(Phrase grounding data)
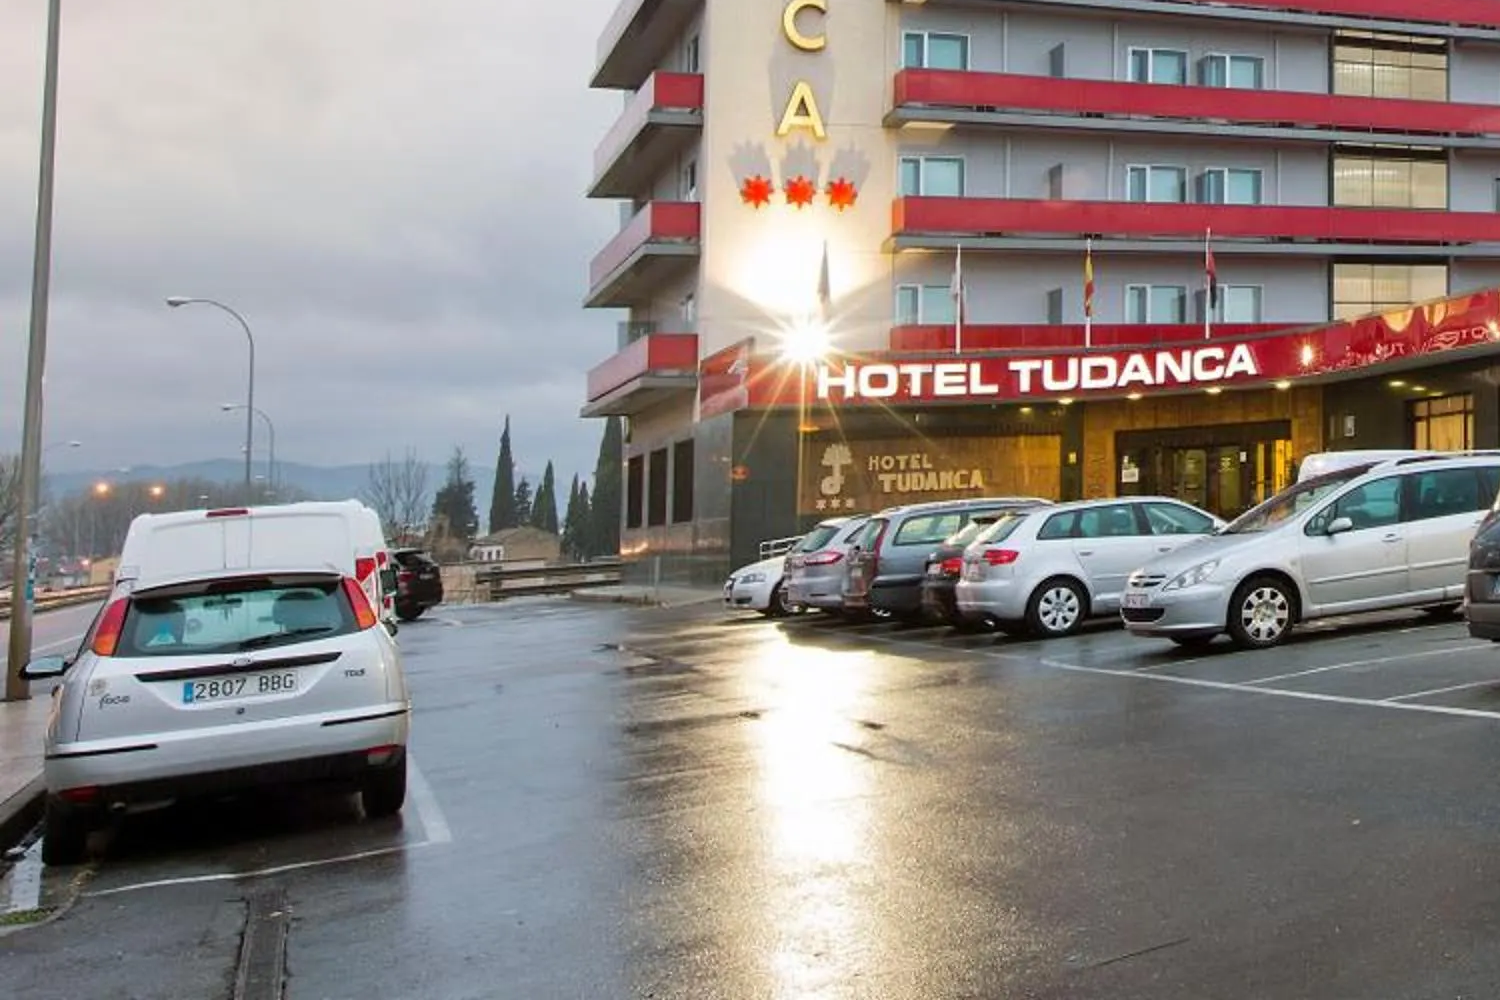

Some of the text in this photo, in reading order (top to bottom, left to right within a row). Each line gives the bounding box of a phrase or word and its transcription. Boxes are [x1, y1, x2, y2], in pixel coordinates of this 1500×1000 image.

[817, 344, 1257, 398] HOTEL TUDANCA
[868, 454, 932, 471] HOTEL
[878, 469, 984, 493] TUDANCA
[195, 673, 294, 700] 2807 BBG
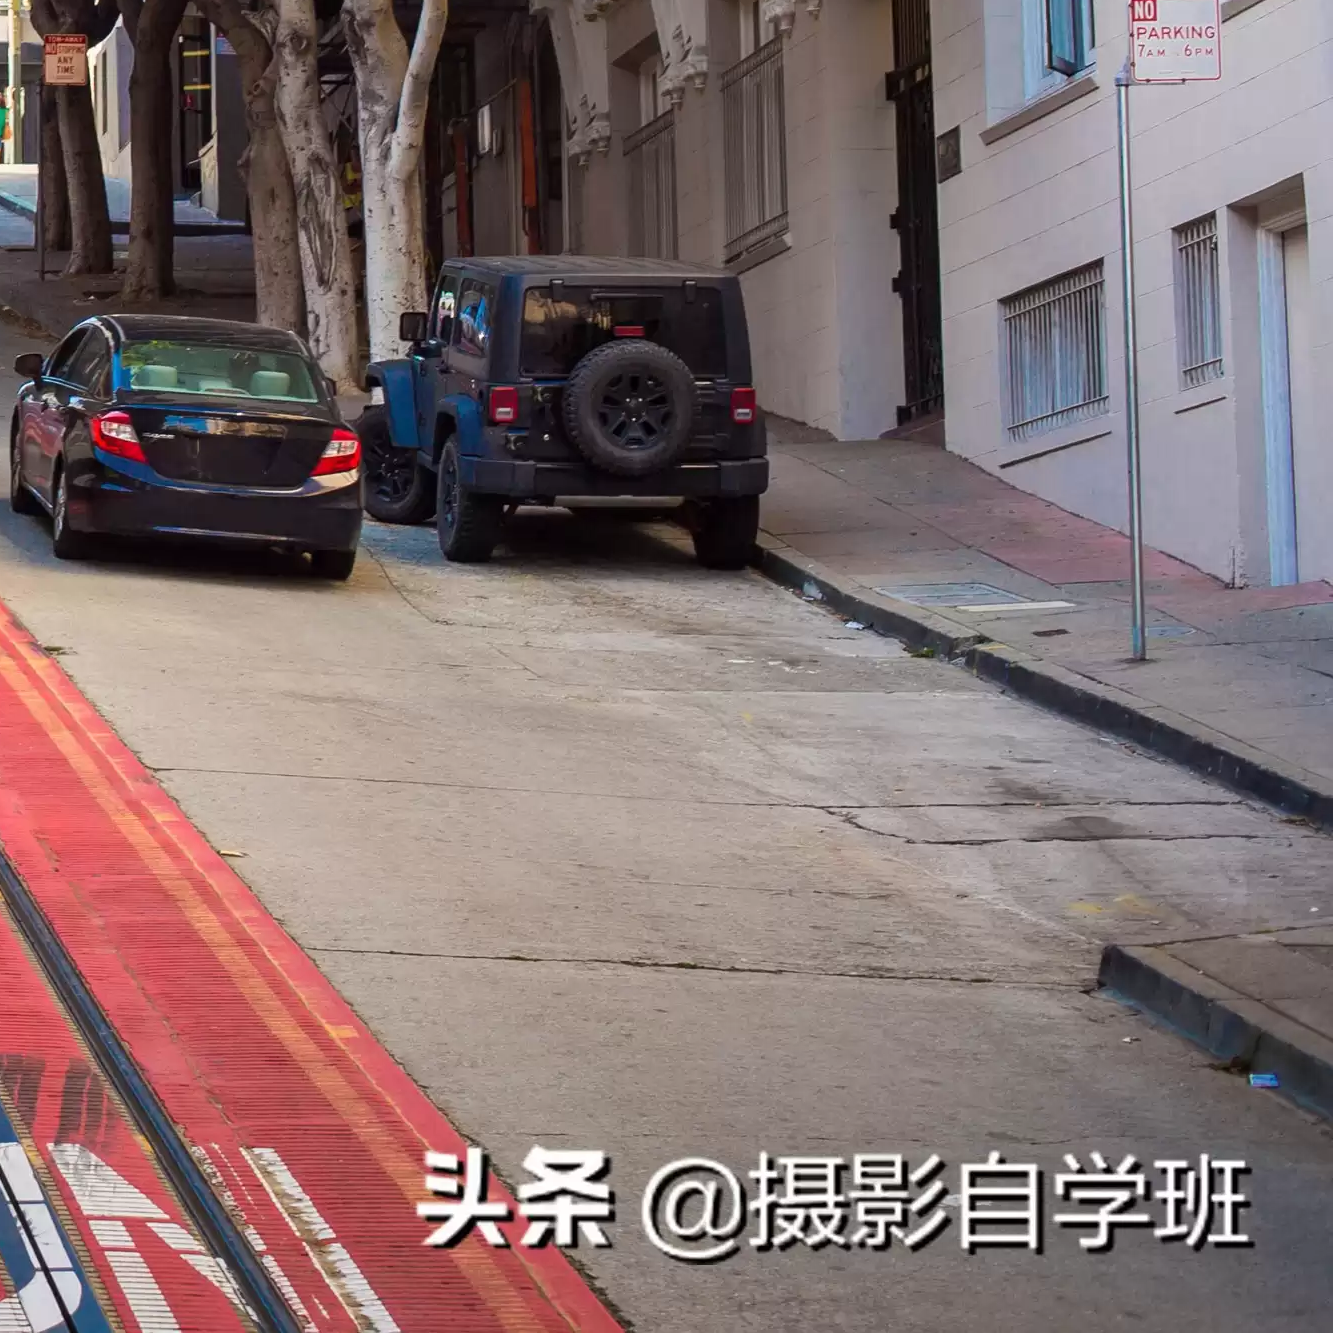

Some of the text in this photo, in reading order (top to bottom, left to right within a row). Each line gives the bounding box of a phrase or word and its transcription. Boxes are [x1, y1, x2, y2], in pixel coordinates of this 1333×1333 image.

[1134, 0, 1155, 20] NO
[1136, 26, 1215, 40] PARKING
[45, 43, 57, 54] NO
[57, 56, 74, 65] ANY
[57, 65, 75, 74] TIME

● **YOUR ASSIGNMENT**
Transcribe all of the data above exactly; no picture belongs in the copy.

● **WRITTEN SOLUTION**
Some of the text in this photo, in reading order (top to bottom, left to right within a row). Each line gives the bounding box of a phrase or word and its transcription. Boxes are [x1, y1, x2, y2], in pixel coordinates of this 1500×1000 image.

[817, 344, 1257, 398] HOTEL TUDANCA
[868, 454, 932, 471] HOTEL
[878, 469, 984, 493] TUDANCA
[195, 673, 294, 700] 2807 BBG

Some of the text in this photo, in reading order (top to bottom, left to right within a row). Each line gives the bounding box of a phrase or word and its transcription. Boxes are [x1, y1, x2, y2], in pixel coordinates of this 1333×1333 image.

[1134, 0, 1155, 20] NO
[1136, 26, 1215, 40] PARKING
[45, 43, 57, 54] NO
[57, 56, 74, 65] ANY
[57, 65, 75, 74] TIME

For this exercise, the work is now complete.